Macron et son monde, Le vrai prix de la baguette, du carburant ou de l'électricité.

Rien de ce que ce monde dit de lui-même, de son passé et de son avenir, n'est à prendre au sérieux.

La fin d'un cycle économique, c'est quand les coûts cachés collectivisés, deviennent plus importants que les coûts apparents.
Pour toute marchandise,  il faut rajouter au prix de vente affiché, le coût fiscal,  celui des subventions, des exonérations, des infrastructures nécessaires, et la part des budgets, de la police ou de la sécu imputable aux implications sanitaires et sociales, des choix économiques.
Et bien sur au final, rajouter le coût écologique futur des pratiques industrielles.

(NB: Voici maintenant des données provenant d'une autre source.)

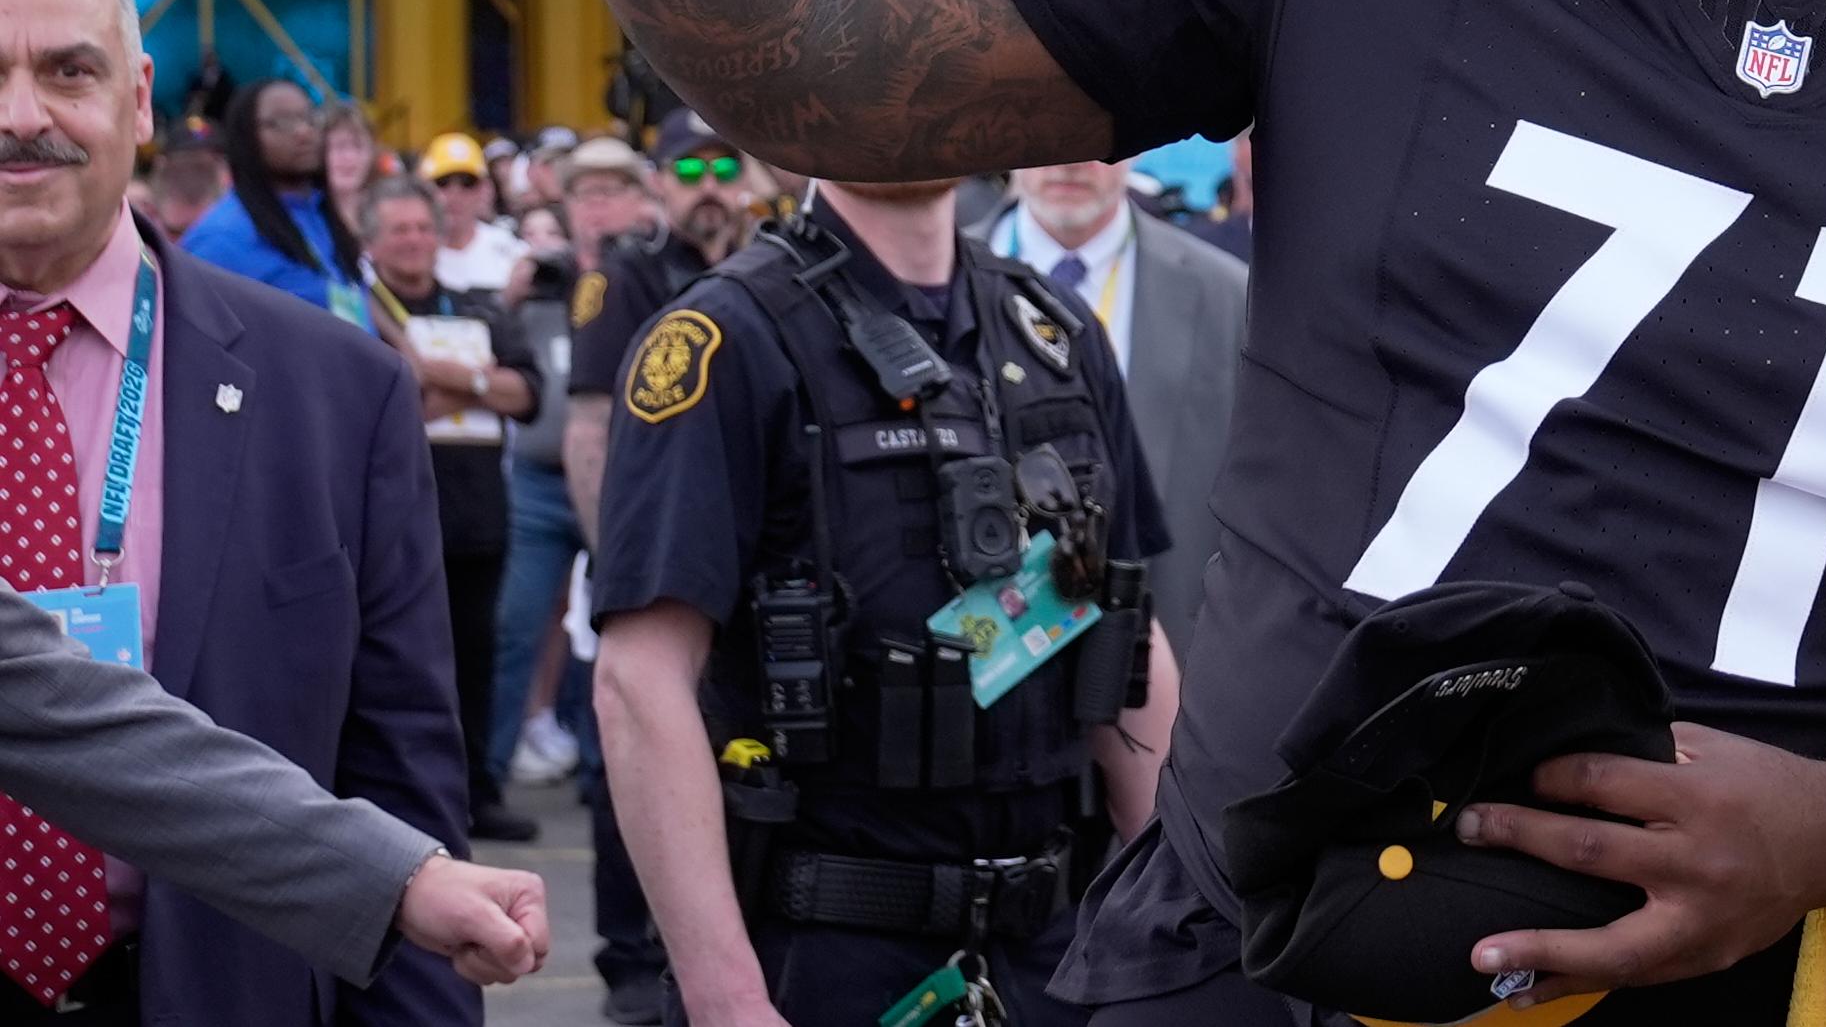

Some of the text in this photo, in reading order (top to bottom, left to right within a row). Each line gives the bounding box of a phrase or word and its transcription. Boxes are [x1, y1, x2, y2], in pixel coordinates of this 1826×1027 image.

Le vrai prix de la baguette, c'est celui affiché, plus la part de vos impôts qui sert à financer les subventions aux céréaliers, plus le coût fiscal des infrastructures collectivisées qui leurs sont nécessaires.
Le vrai prix de l’ énergie, c’est celui que vous payez au fournisseur, à quoi faut ajouter le coût de l‘impérialisme, soit  ce que vous payez en impôts pour le budget de l’armée, et en coût différé, celui que coûtera votre cancer à la collectivité.

Le Capitalisme est parfaitement incapable d’éviter le suicide concurrentiel, il diffère ses implosions périodiques, en fiscalisant progressivement ses revenus, jusqu'à que le poids de la dette publique, fasse exploser l'état.
Deux fausses cohérences consanguines, l'état et l'économie, sont obligées de s'affronter alors qu'elles sont intimement dépendantes, et que la mort de l'un, c'est la mort de l'autre.

Nous sommes précisément à ce point de fusion de l'idéologie bureaucratique.